### TASK GOAL
Exactly as written, print out each entry in the data, with no pictures.

════════════════

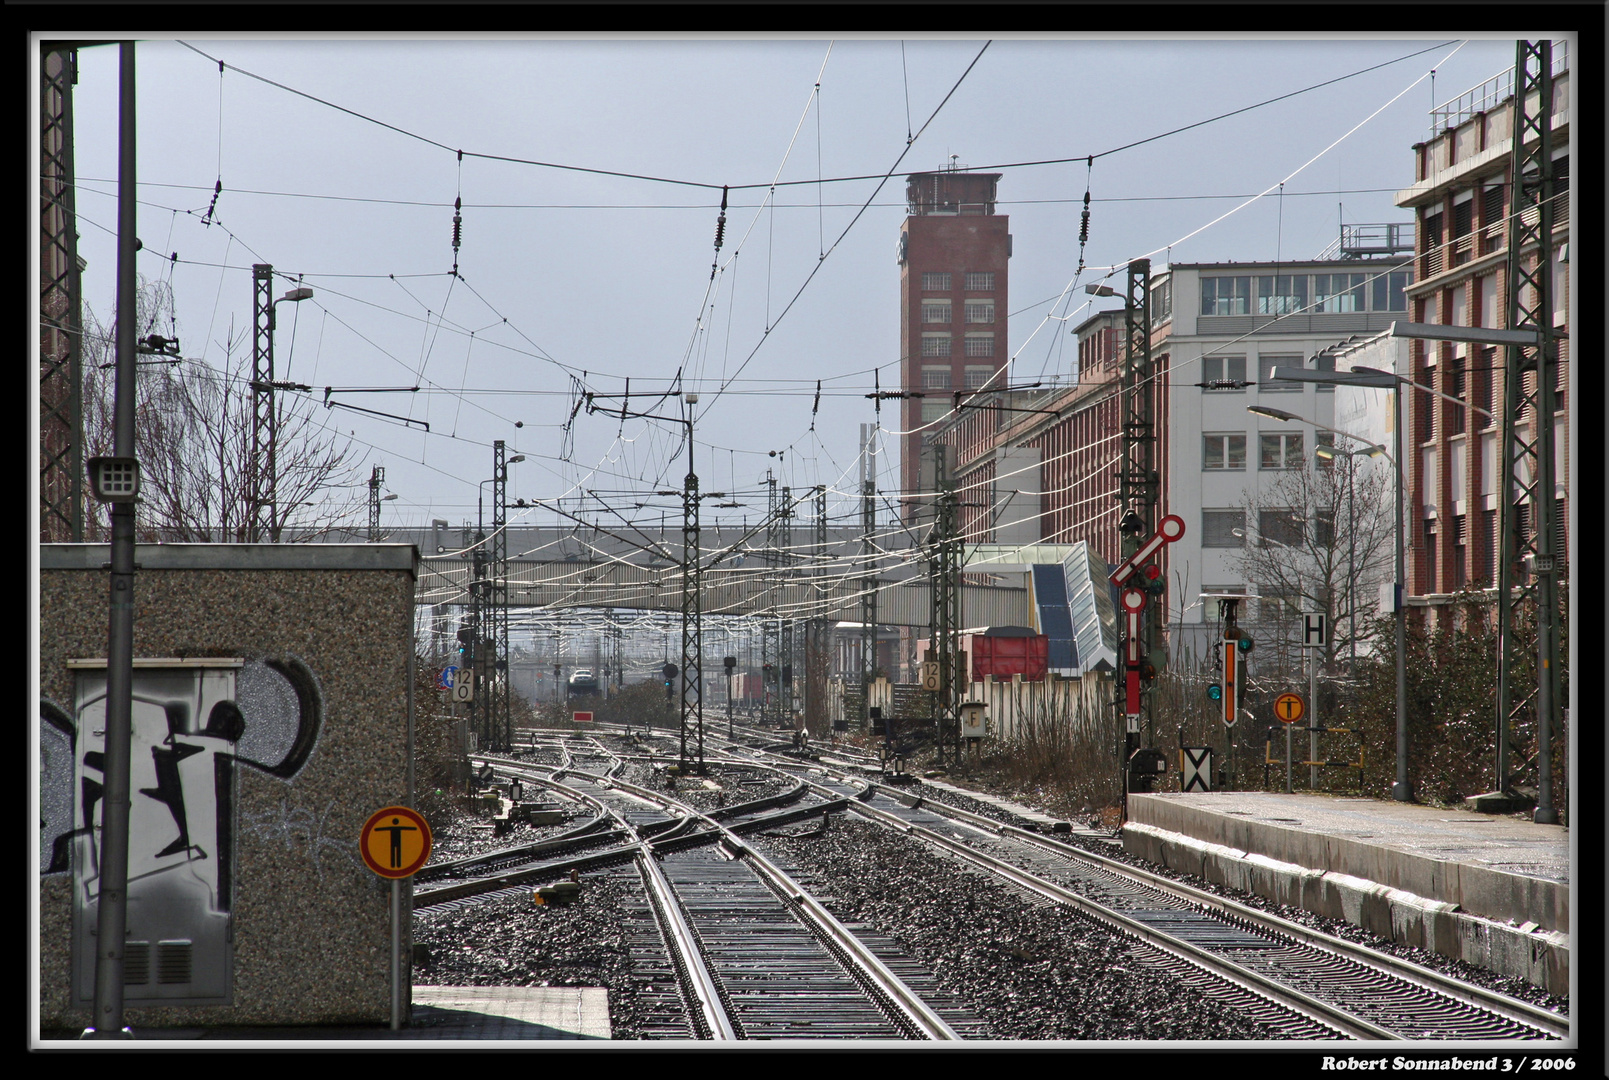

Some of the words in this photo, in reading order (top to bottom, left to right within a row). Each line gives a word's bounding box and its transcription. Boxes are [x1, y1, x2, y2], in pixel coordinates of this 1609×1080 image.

[1305, 615, 1324, 644] H
[925, 663, 938, 676] 12
[456, 670, 471, 684] 12
[927, 676, 936, 689] 0
[458, 685, 469, 699] 0
[970, 711, 977, 726] F
[1127, 716, 1139, 730] T1

════════════════

### EXERCISE RESULT
Some of the words in this photo, in reading order (top to bottom, left to right within a row). Each line gives a word's bounding box and its transcription. Boxes are [x1, y1, x2, y2], in pixel coordinates of this 1609×1080 image.

[1305, 615, 1324, 644] H
[925, 663, 938, 676] 12
[456, 670, 471, 684] 12
[927, 676, 936, 689] 0
[458, 685, 469, 699] 0
[970, 711, 977, 726] F
[1127, 716, 1139, 730] T1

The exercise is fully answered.